Tony Jones is scheduled to present a paper at the upcoming meeting of the Society of Pentecostal Studies. In preparation he is asking “So, what does the emerging church have to learn from Pentecostalism, and what does Pentecostalism has to learn from the emerging church?” As one who may be considered Pentecostal (some Pentecostals may reject this statement), as well as one who at one point was very interested in the development of the emerging church, I think I may have a few thoughts on this matter.
Since I think I have more to say to what the emerging church can learn from Pentecostalism I will limit my contribution to that side of the discussion.

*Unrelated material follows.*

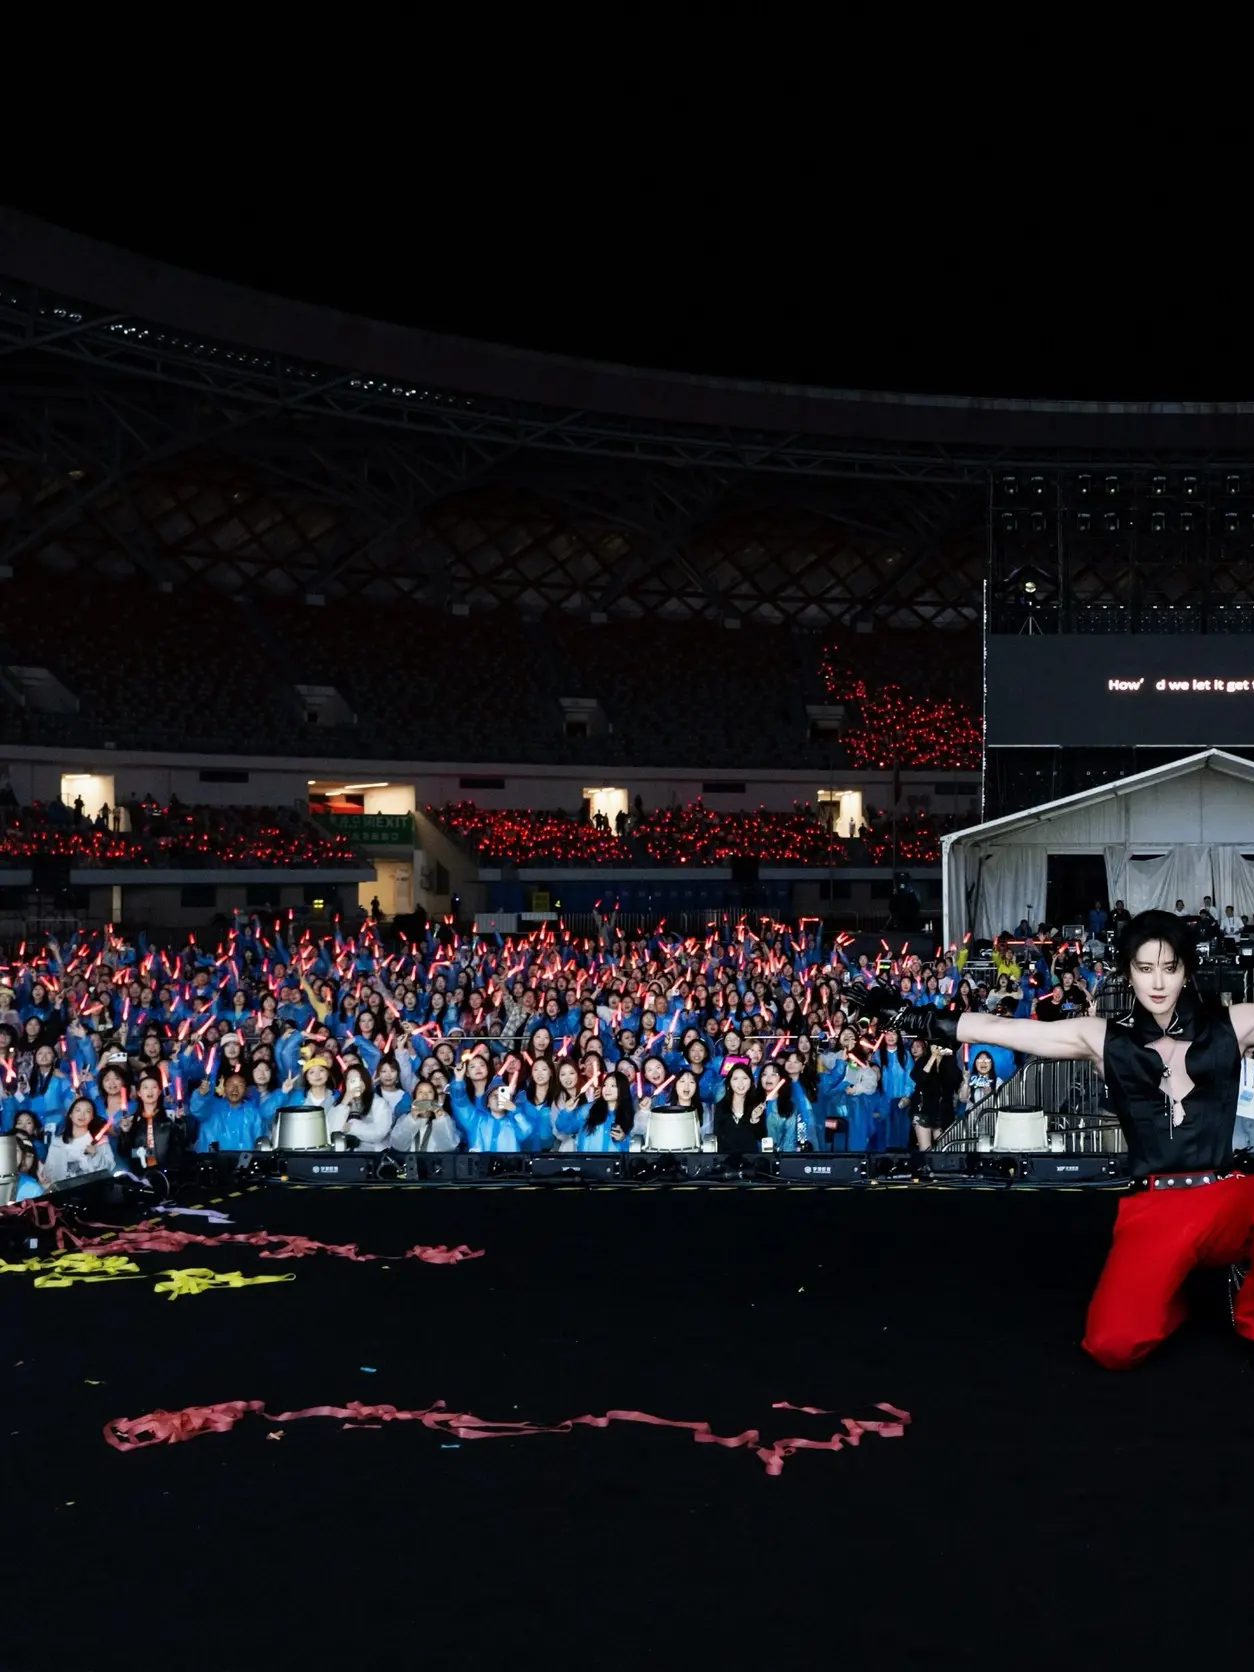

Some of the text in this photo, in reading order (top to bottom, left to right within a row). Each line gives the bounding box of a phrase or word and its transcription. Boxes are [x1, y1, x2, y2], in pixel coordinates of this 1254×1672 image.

There are several points I will attempt to make here that I hope may be found helpful.
(1) Do not allow distinctive characteristics to move you toward anti-catholicity. One of the serious problems with the Pentecostal movement is that she has often become so concerned with her distinctive characteristics, like glossolalia and freedom of expression in worship, that it has made her turn a cold shoulder to identifying with other Christians. This is partially to blame on the fact that the early years of the Pentecostal movement were scarred by partial persecution from other Christians. Nevertheless, our response has left us bankrupt of tradition at times as well as antagonistic to a broader Christianity that for the most part would likely be more welcoming to some of our distinctive characteristics or at least to fellowship in spite of those characteristics.
(2) Do maintain essential, important, reforming characteristics. As the old adage goes, “The most segregated time of the week in the United States is Sunday morning.” At Azusa Street this was not so. Christians gathers in the name of Christ by the power of the Holy Spirit. This was our identity. As Pentecostalism aged she forgot about these humble, cross-cultural beginnings and she slowly made racial reconciliation a non-priority. Sadly, Pentecostalism is as racially divided in many places as the rest of the church.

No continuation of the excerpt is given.